In this approach, the TP conceptual model is implemented to characterize rock matrix, microvugs, and fractures. To capture the heterogeneity of fractures and vugs, macrofractures and vugs are represented explicitly with the discontinuum model. The boundaries of macrovugs and macrofractures are discretized into several elements. The boundary-element method (BEM) is used to handle flow into macrofractures and vugs. The finite-difference method is applied to handle flow within macrofractures. The flow within macrovugs is assumed to be pseudosteady state.

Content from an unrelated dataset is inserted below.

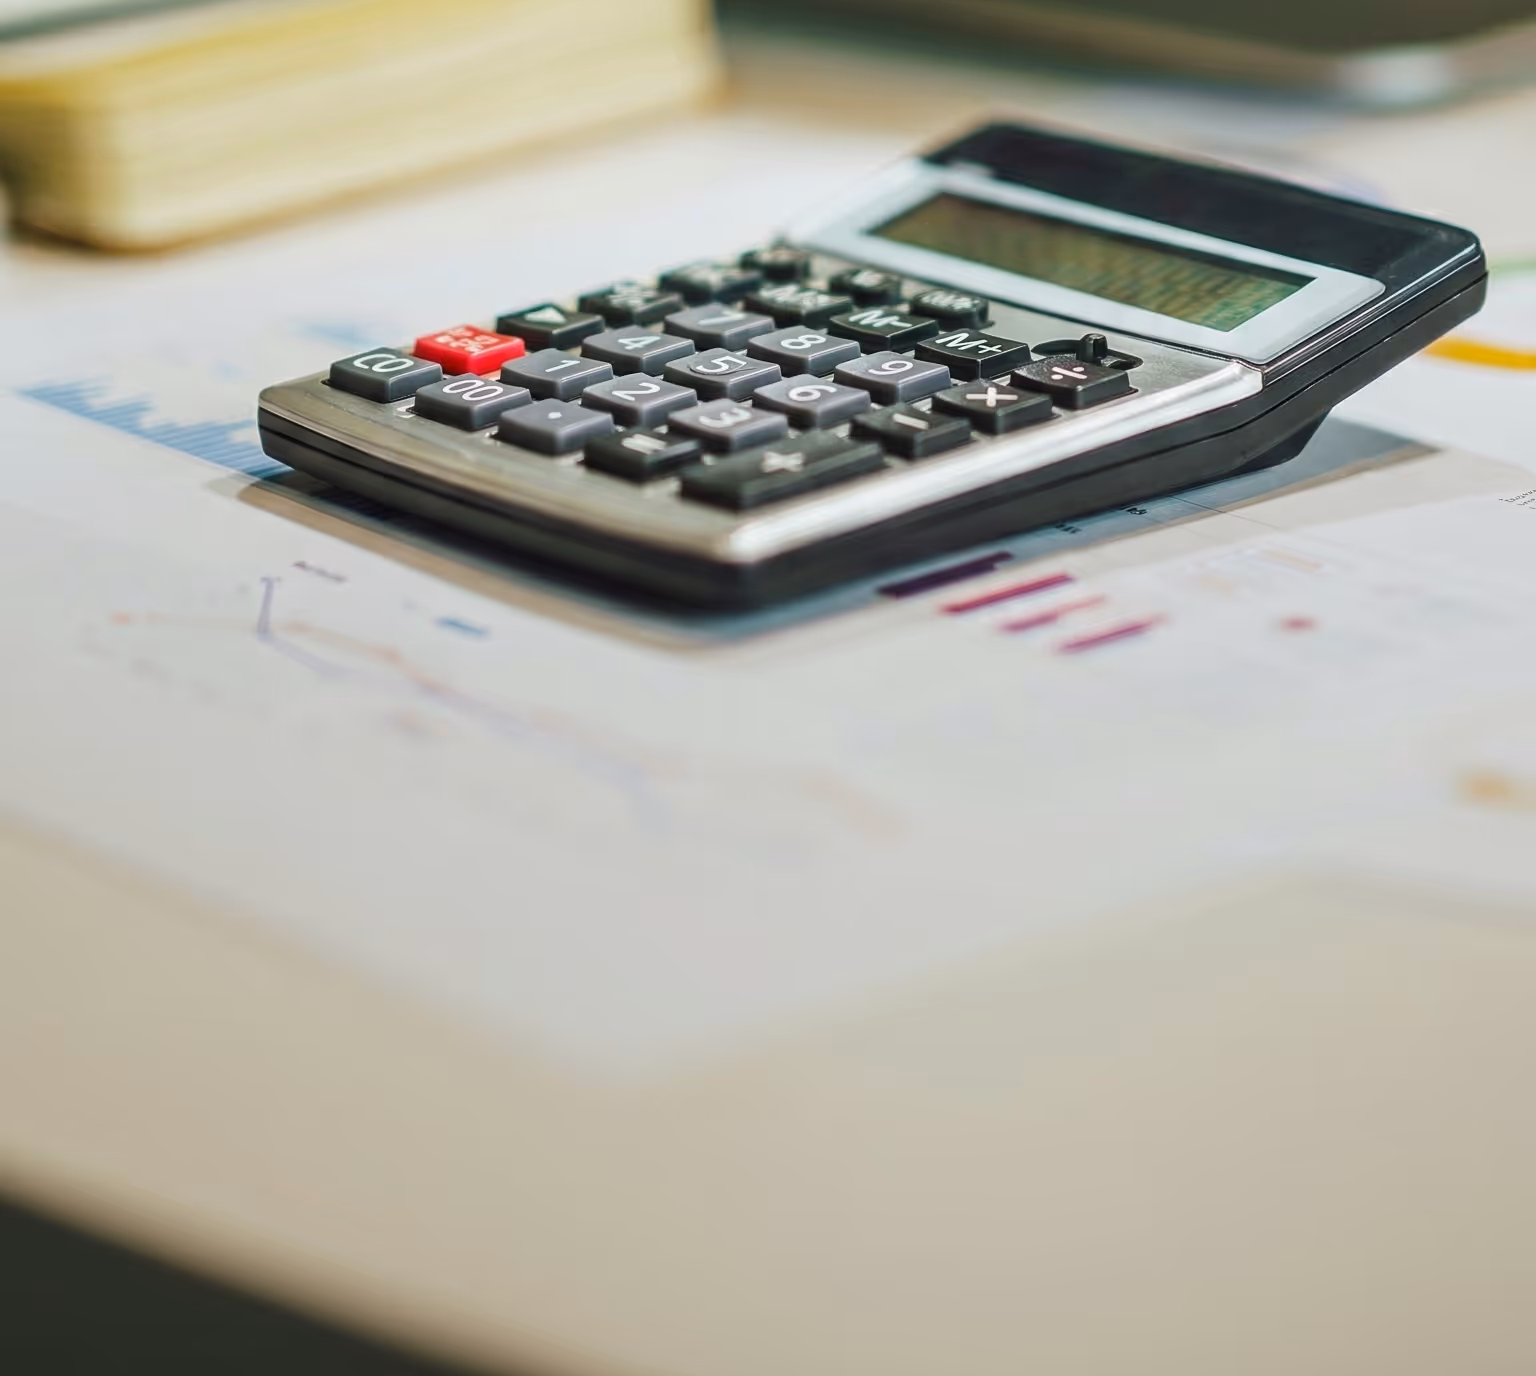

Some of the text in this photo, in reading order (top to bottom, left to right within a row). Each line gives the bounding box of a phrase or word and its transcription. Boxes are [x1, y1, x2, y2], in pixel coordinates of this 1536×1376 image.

With a simple discretization of the boundaries of macrovugs and macrofractures, the proposed model is shown to efficiently simulate the behavior of fractured carbonate reservoirs with heterogeneity. The computational accuracy is demonstrated using an analytical model and numerical simulation. On the basis of the proposed model, the effect of the heterogeneity of macrofractures and vugs on pressure-transient behavior is analyzed. The results show that macrofractures and vugs cannot be handled with triple-continuum models analytically. There will be several “dips” on the derivative of the pressure curve if macrovugs are discretely handled. Also, discretely handling the fractures and vugs will make the calculated dimensionless pressure and the derivative pressure lower than those calculated with the triple-continuum models. After increasing the porosity of macrovugs, the pressure and the derivative will go down in the flow regimes dominated by macrovugs. The conductivity of macrofractures has a great impact on almost all the flow regimes except for boundary-dominated flow. Finally, a field case is used to show the application of the proposed semianalytical model.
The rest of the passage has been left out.